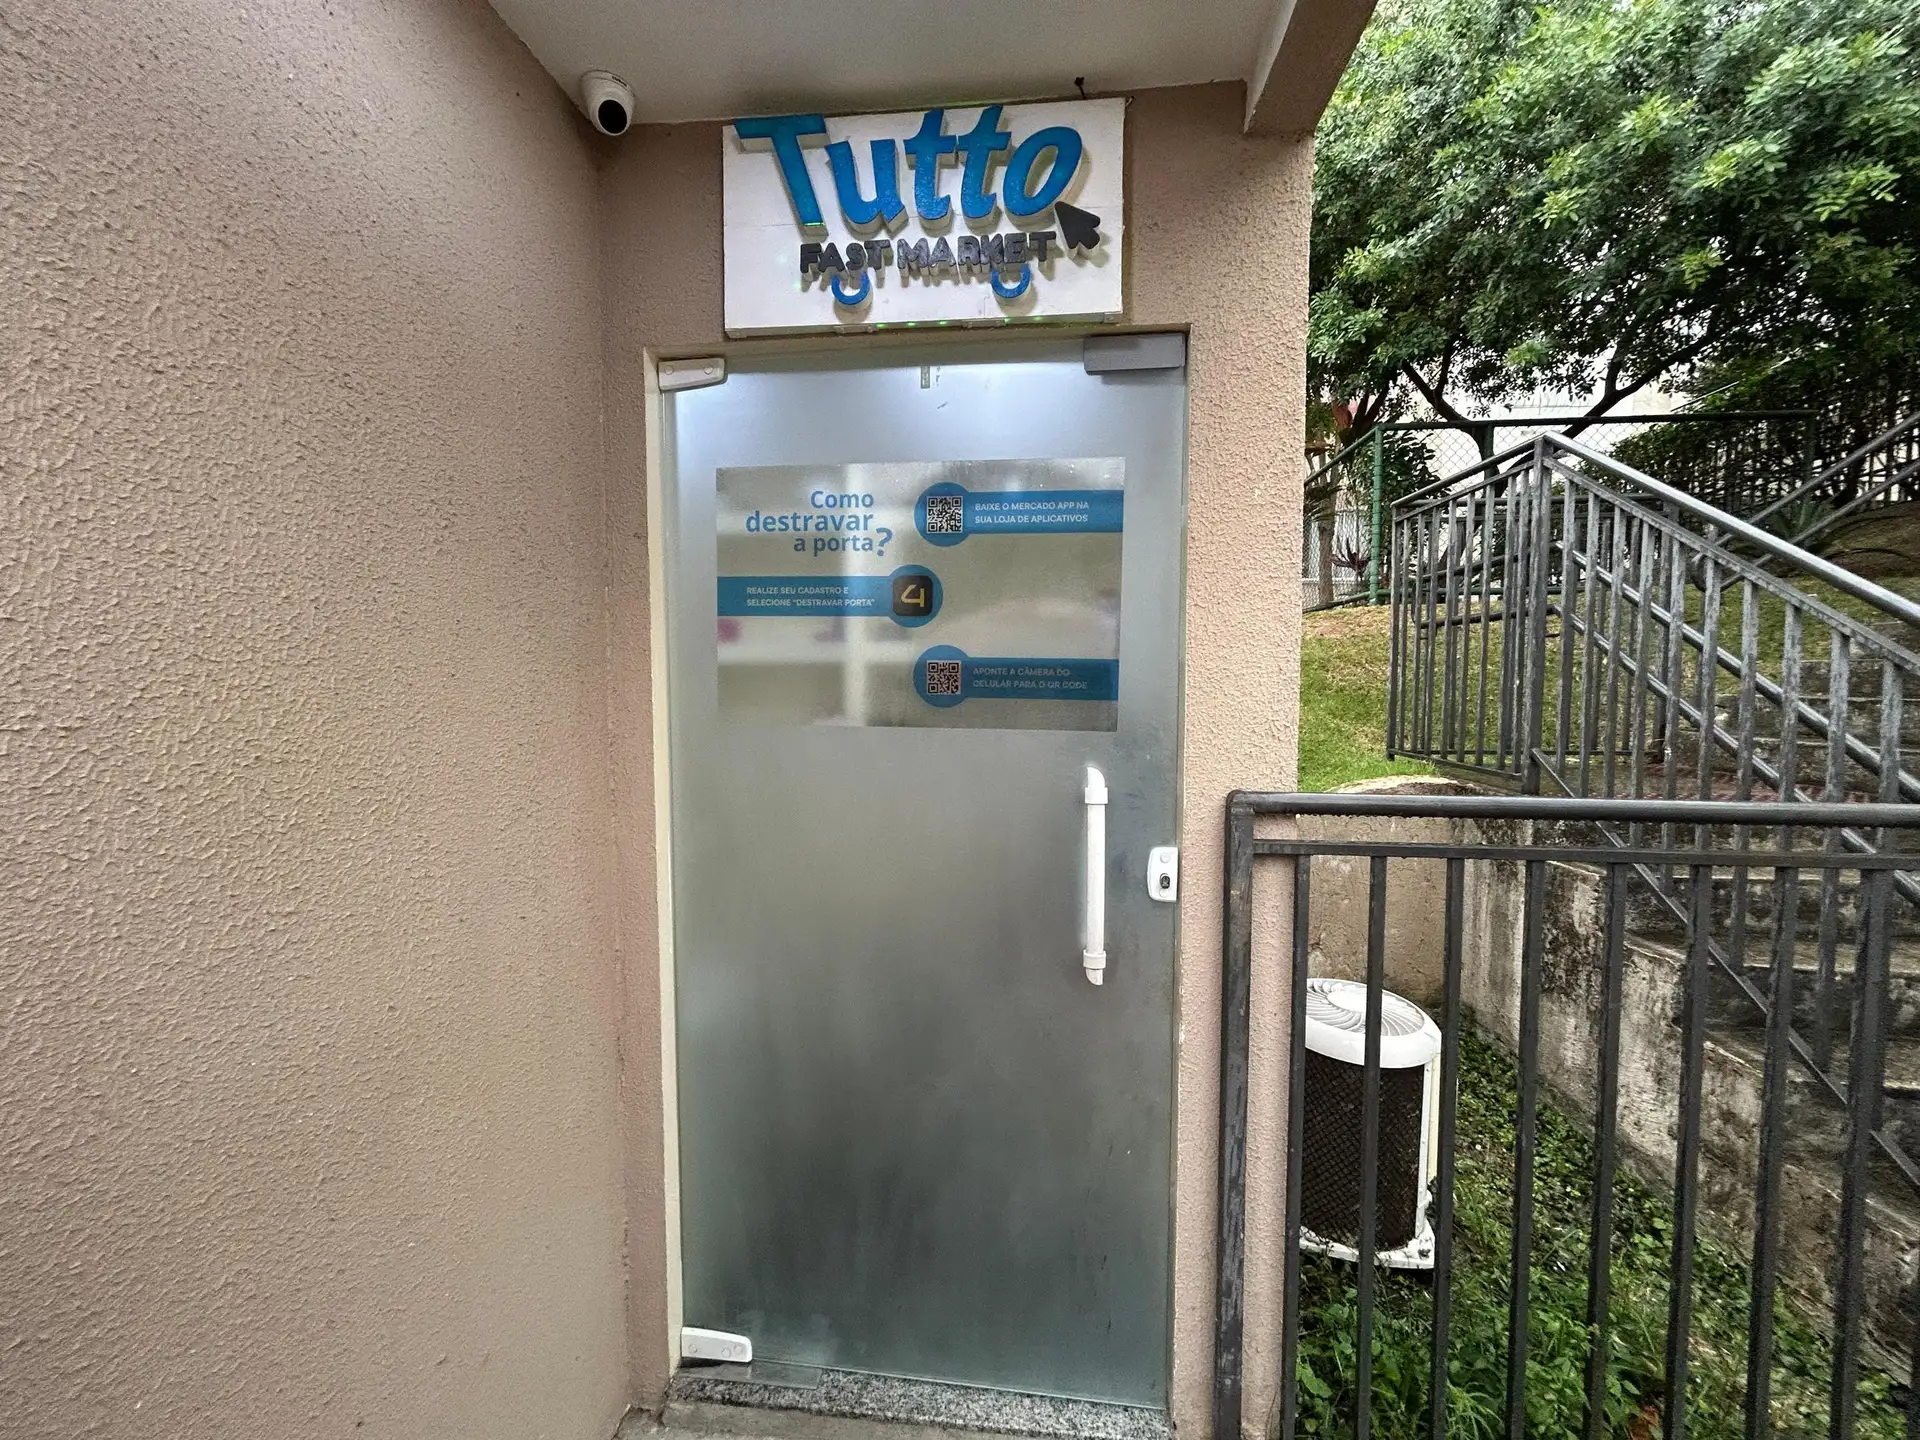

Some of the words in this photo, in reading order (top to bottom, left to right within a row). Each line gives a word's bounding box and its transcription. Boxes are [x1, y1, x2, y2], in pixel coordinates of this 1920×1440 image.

[733, 104, 1083, 226] Tutto
[800, 240, 890, 273] FAST
[897, 231, 1057, 270] MARKET
[810, 490, 875, 509] Como
[975, 502, 1000, 511] BAIXE
[1002, 502, 1009, 511] O
[1011, 502, 1056, 511] MERCADO
[1058, 502, 1075, 510] APP
[1076, 501, 1089, 509] NA
[745, 511, 874, 533] destravar
[975, 516, 992, 524] SUA
[994, 515, 1015, 524] LOJA
[1018, 515, 1030, 523] DE
[1031, 514, 1088, 523] APLICATIVOS
[793, 538, 806, 552] a
[746, 587, 779, 595] REALIZE
[780, 587, 797, 595] SEU
[798, 587, 842, 595] CADASTRO
[746, 599, 791, 607] SELECIONE
[973, 667, 1009, 676] APONTE
[1017, 666, 1054, 677] CÂMERA
[1056, 669, 1070, 677] DO
[973, 680, 1012, 688] CELULAR
[1013, 680, 1037, 688] PARA
[1039, 680, 1046, 688] O
[1062, 680, 1088, 689] CODE

▶ Exercise requirements
What's needed is an exact copy of every entry, free of pictures.

▶ Solution for this task
Some of the words in this photo, in reading order (top to bottom, left to right within a row). Each line gives a word's bounding box and its transcription. Boxes are [x1, y1, x2, y2], in pixel coordinates of this 1920×1440 image.

[733, 104, 1083, 226] Tutto
[800, 240, 890, 273] FAST
[897, 231, 1057, 270] MARKET
[810, 490, 875, 509] Como
[975, 502, 1000, 511] BAIXE
[1002, 502, 1009, 511] O
[1011, 502, 1056, 511] MERCADO
[1058, 502, 1075, 510] APP
[1076, 501, 1089, 509] NA
[745, 511, 874, 533] destravar
[975, 516, 992, 524] SUA
[994, 515, 1015, 524] LOJA
[1018, 515, 1030, 523] DE
[1031, 514, 1088, 523] APLICATIVOS
[793, 538, 806, 552] a
[746, 587, 779, 595] REALIZE
[780, 587, 797, 595] SEU
[798, 587, 842, 595] CADASTRO
[746, 599, 791, 607] SELECIONE
[973, 667, 1009, 676] APONTE
[1017, 666, 1054, 677] CÂMERA
[1056, 669, 1070, 677] DO
[973, 680, 1012, 688] CELULAR
[1013, 680, 1037, 688] PARA
[1039, 680, 1046, 688] O
[1062, 680, 1088, 689] CODE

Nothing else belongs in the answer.